## Activity
Would you retype the listing below word for word, without any of its pictures?

++++ Entries supplied

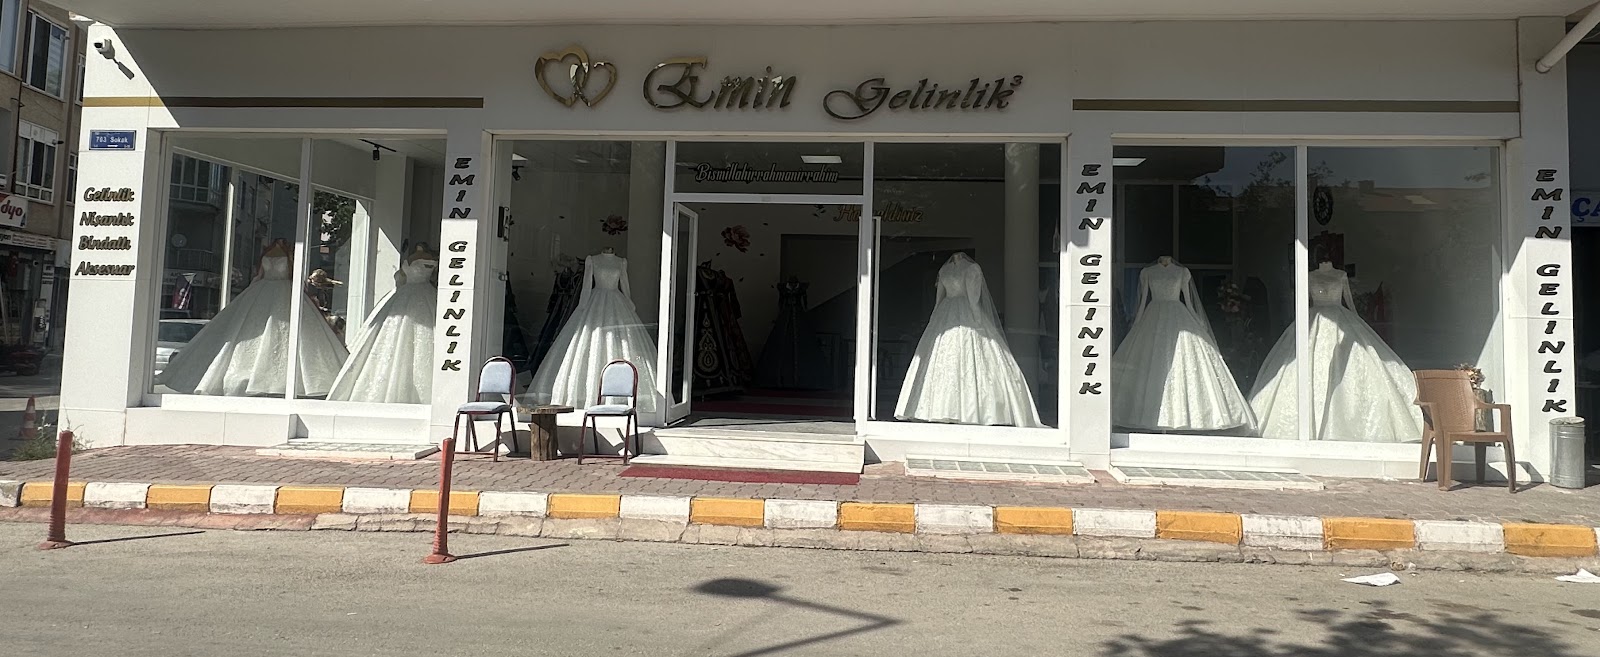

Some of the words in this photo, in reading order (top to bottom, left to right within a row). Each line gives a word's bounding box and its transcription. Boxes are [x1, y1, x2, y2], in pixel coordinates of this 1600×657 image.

[643, 56, 797, 110] Emin
[83, 187, 135, 202] Gelinlik
[74, 260, 136, 276] Aksesuar
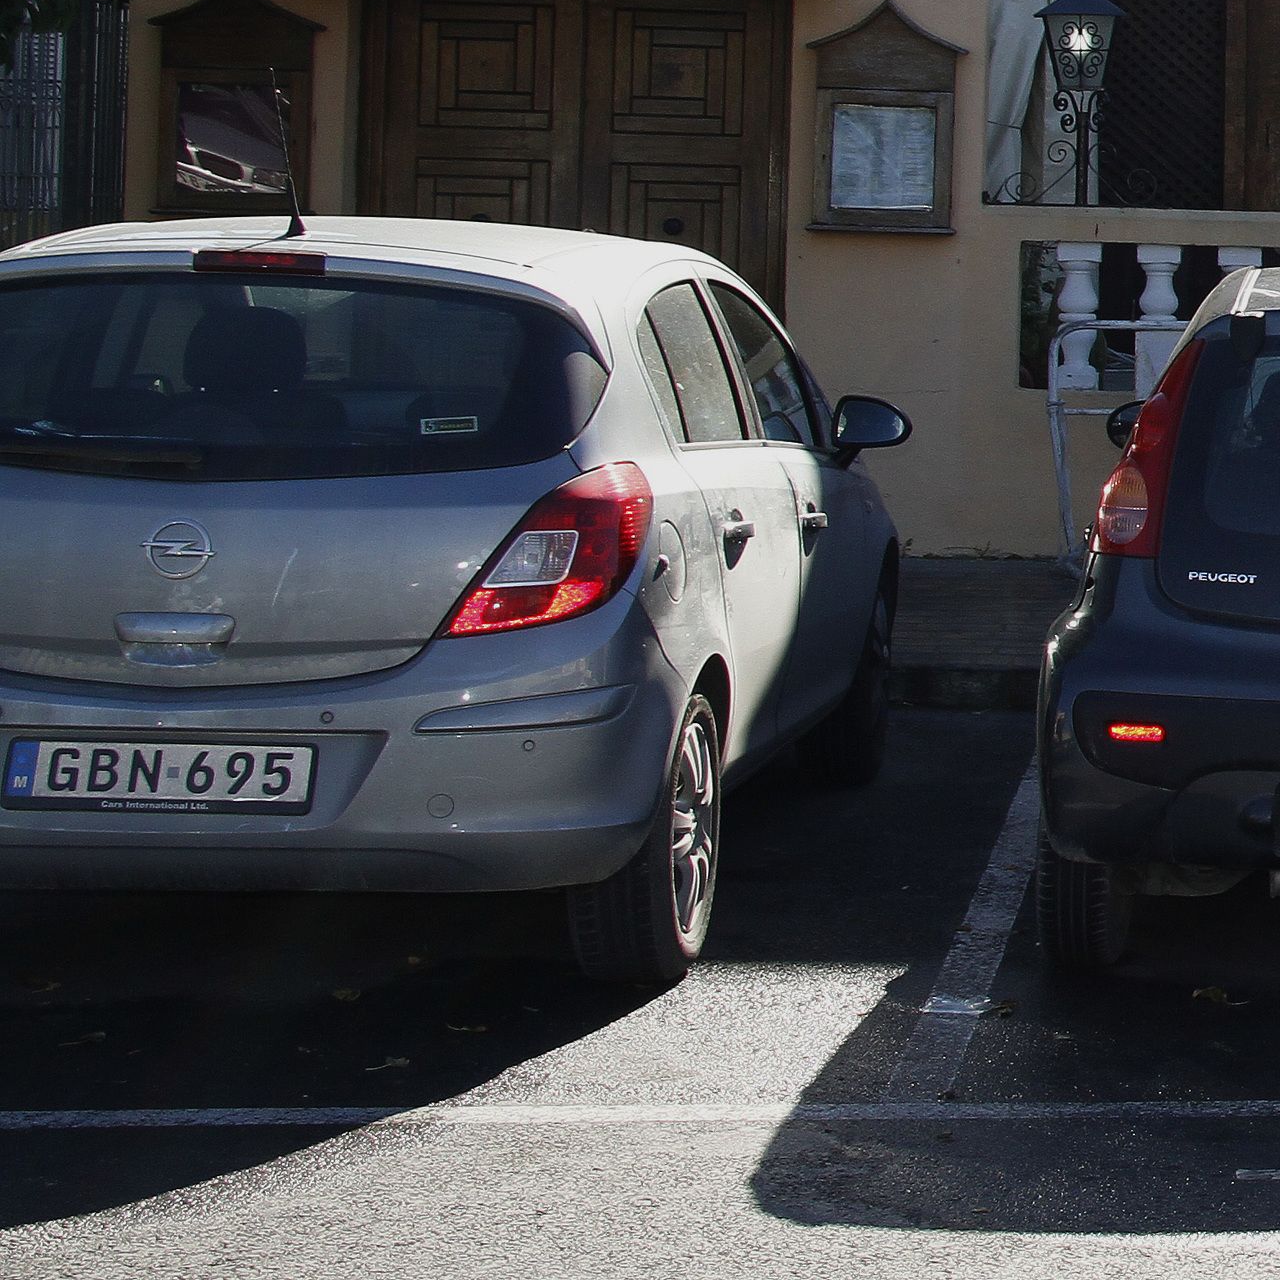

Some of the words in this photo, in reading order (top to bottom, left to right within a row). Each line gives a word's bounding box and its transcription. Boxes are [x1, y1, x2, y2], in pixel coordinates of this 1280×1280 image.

[1188, 570, 1258, 586] PEUGEOT
[47, 747, 164, 794] GBN
[185, 750, 295, 796] 695
[14, 775, 28, 789] M
[101, 800, 123, 808] Cars
[126, 801, 188, 810] International
[190, 802, 209, 810] Ltd.
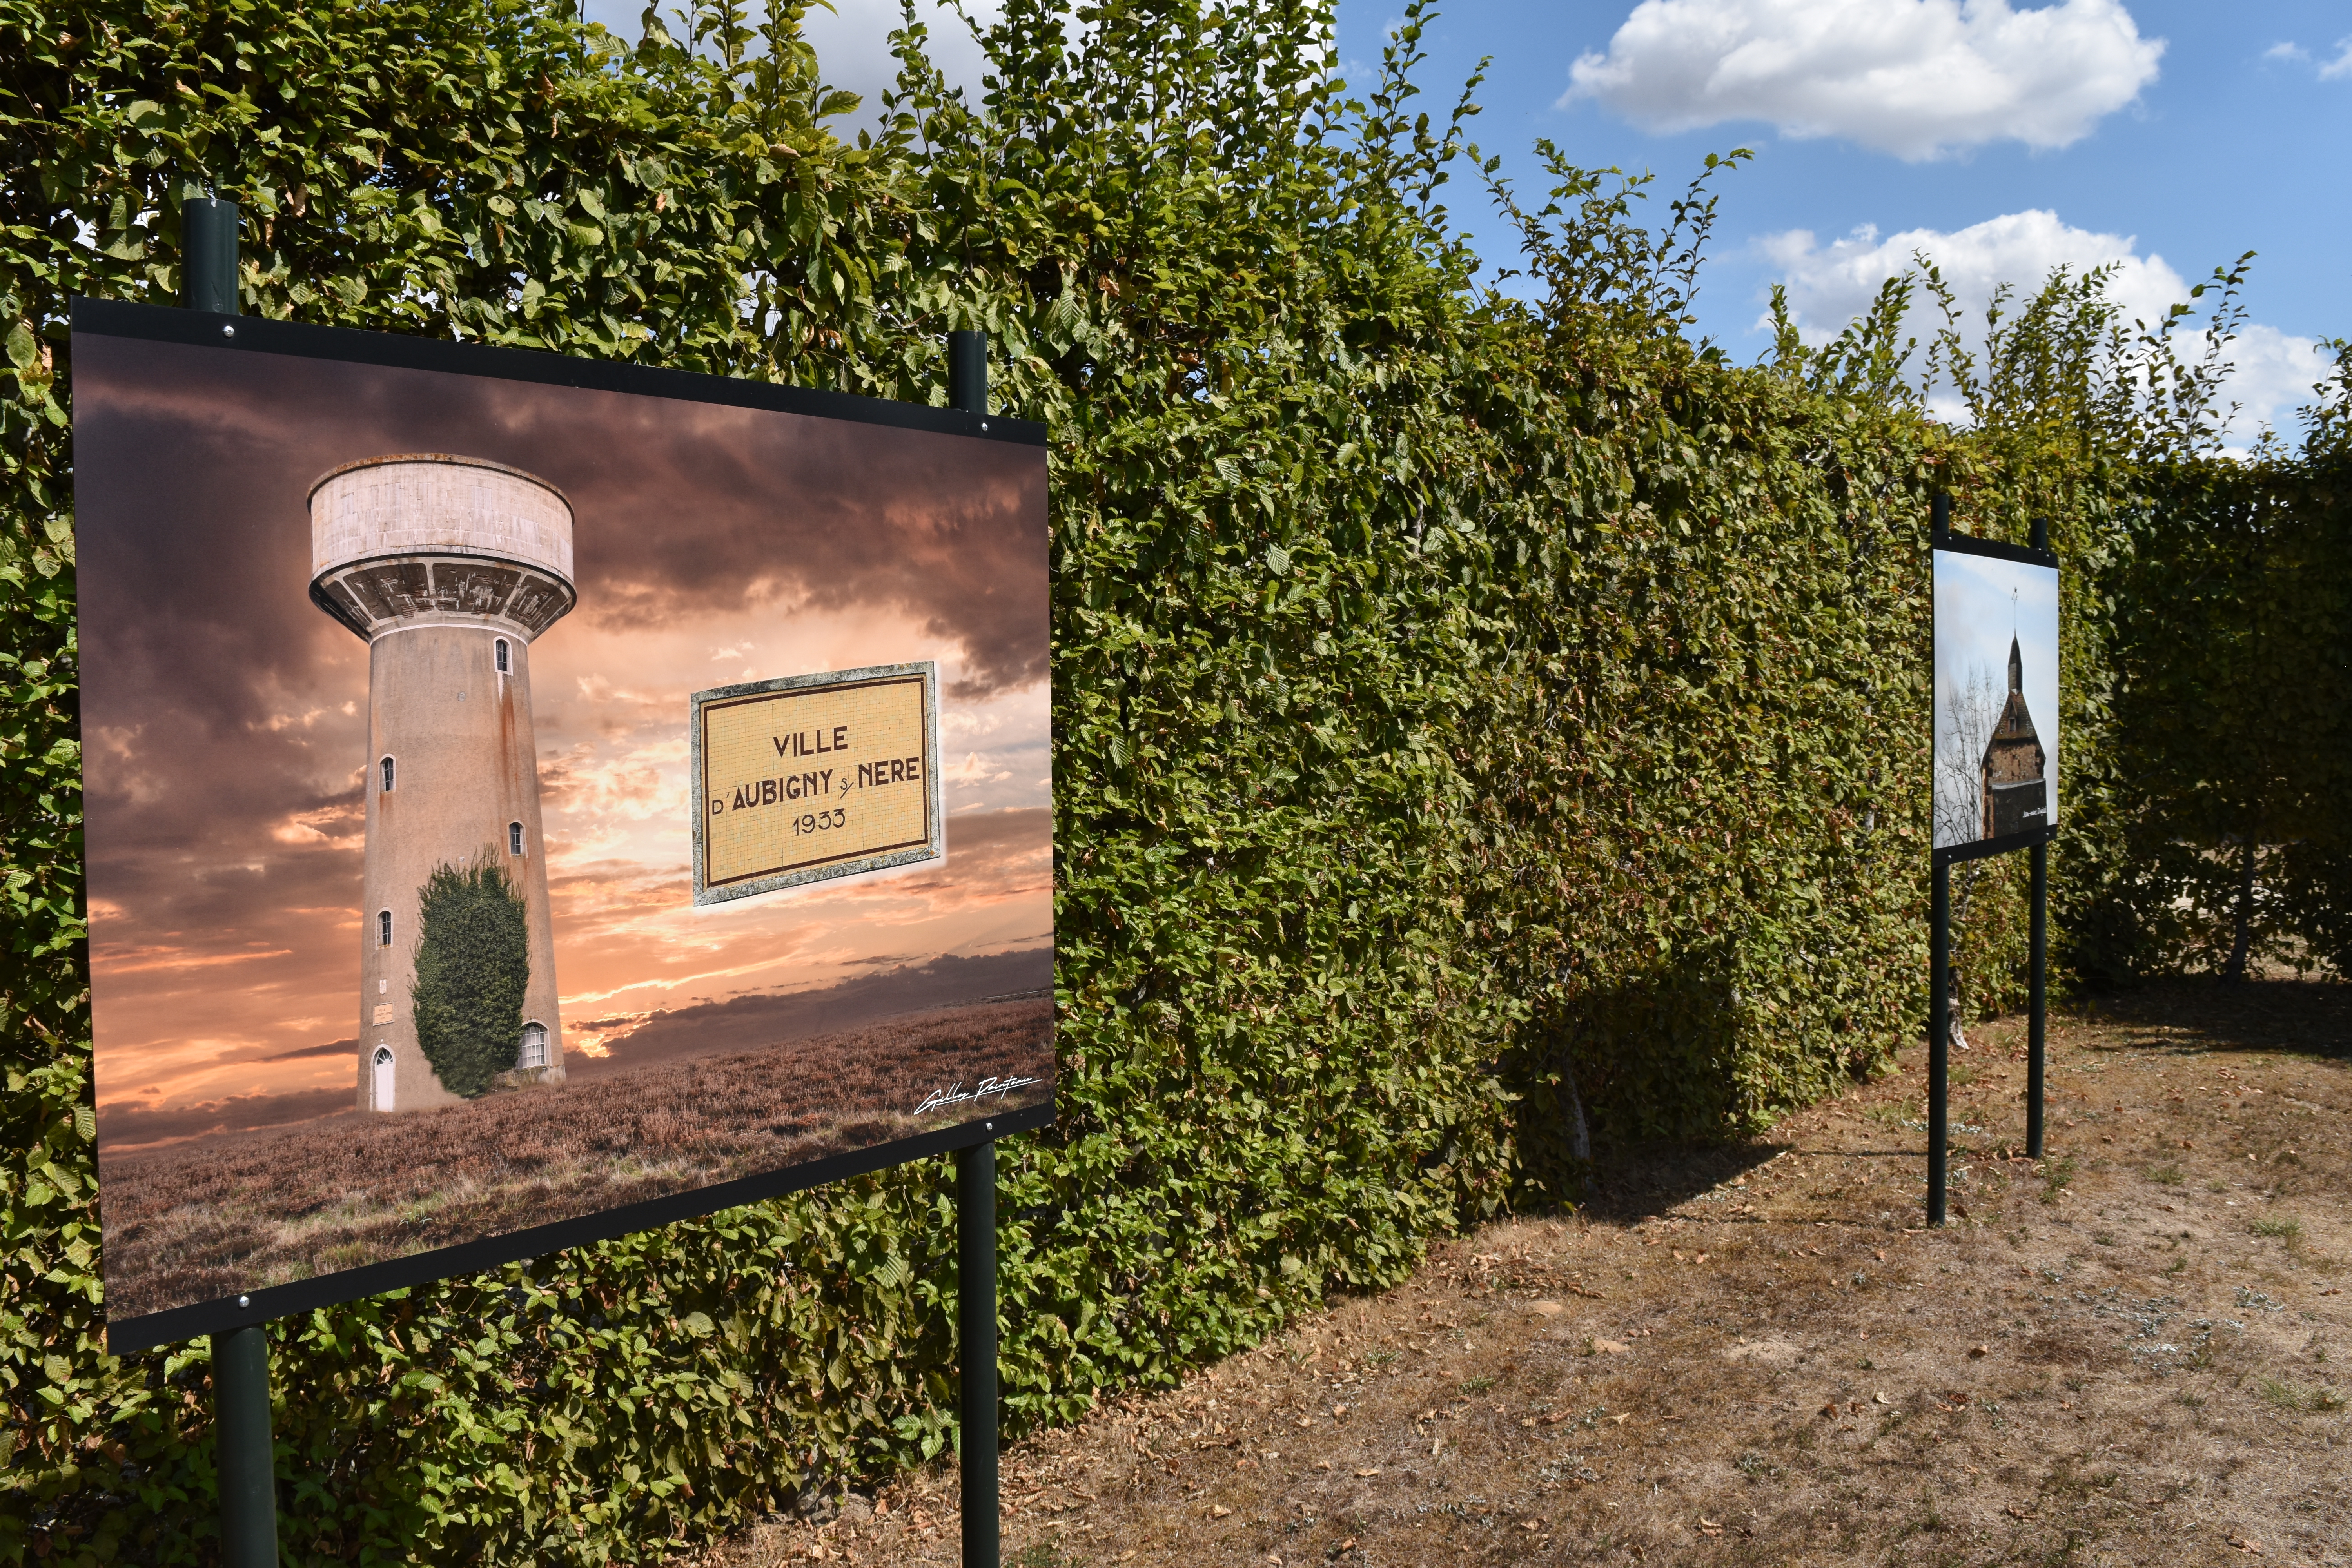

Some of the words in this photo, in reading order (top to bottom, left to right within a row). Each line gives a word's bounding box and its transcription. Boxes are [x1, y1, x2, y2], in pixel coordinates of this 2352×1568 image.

[773, 726, 848, 758] VILLE
[712, 769, 833, 815] D'AUBIGNY
[858, 757, 920, 788] NERE
[793, 808, 845, 836] 1933

++++++++

## Answer below
Some of the words in this photo, in reading order (top to bottom, left to right within a row). Each line gives a word's bounding box and its transcription. Boxes are [x1, y1, x2, y2], in pixel coordinates of this 1600×657 image.

[643, 56, 797, 110] Emin
[83, 187, 135, 202] Gelinlik
[74, 260, 136, 276] Aksesuar

Some of the words in this photo, in reading order (top to bottom, left to right within a row). Each line gives a word's bounding box and its transcription. Boxes are [x1, y1, x2, y2], in pixel coordinates of this 1280×1280 image.

[1188, 570, 1258, 586] PEUGEOT
[47, 747, 164, 794] GBN
[185, 750, 295, 796] 695
[14, 775, 28, 789] M
[101, 800, 123, 808] Cars
[126, 801, 188, 810] International
[190, 802, 209, 810] Ltd.

Some of the words in this photo, in reading order (top to bottom, left to right within a row). Each line gives a word's bounding box and its transcription. Boxes are [x1, y1, x2, y2], in pixel coordinates of this 2352×1568 image.

[773, 726, 848, 758] VILLE
[712, 769, 833, 815] D'AUBIGNY
[858, 757, 920, 788] NERE
[793, 808, 845, 836] 1933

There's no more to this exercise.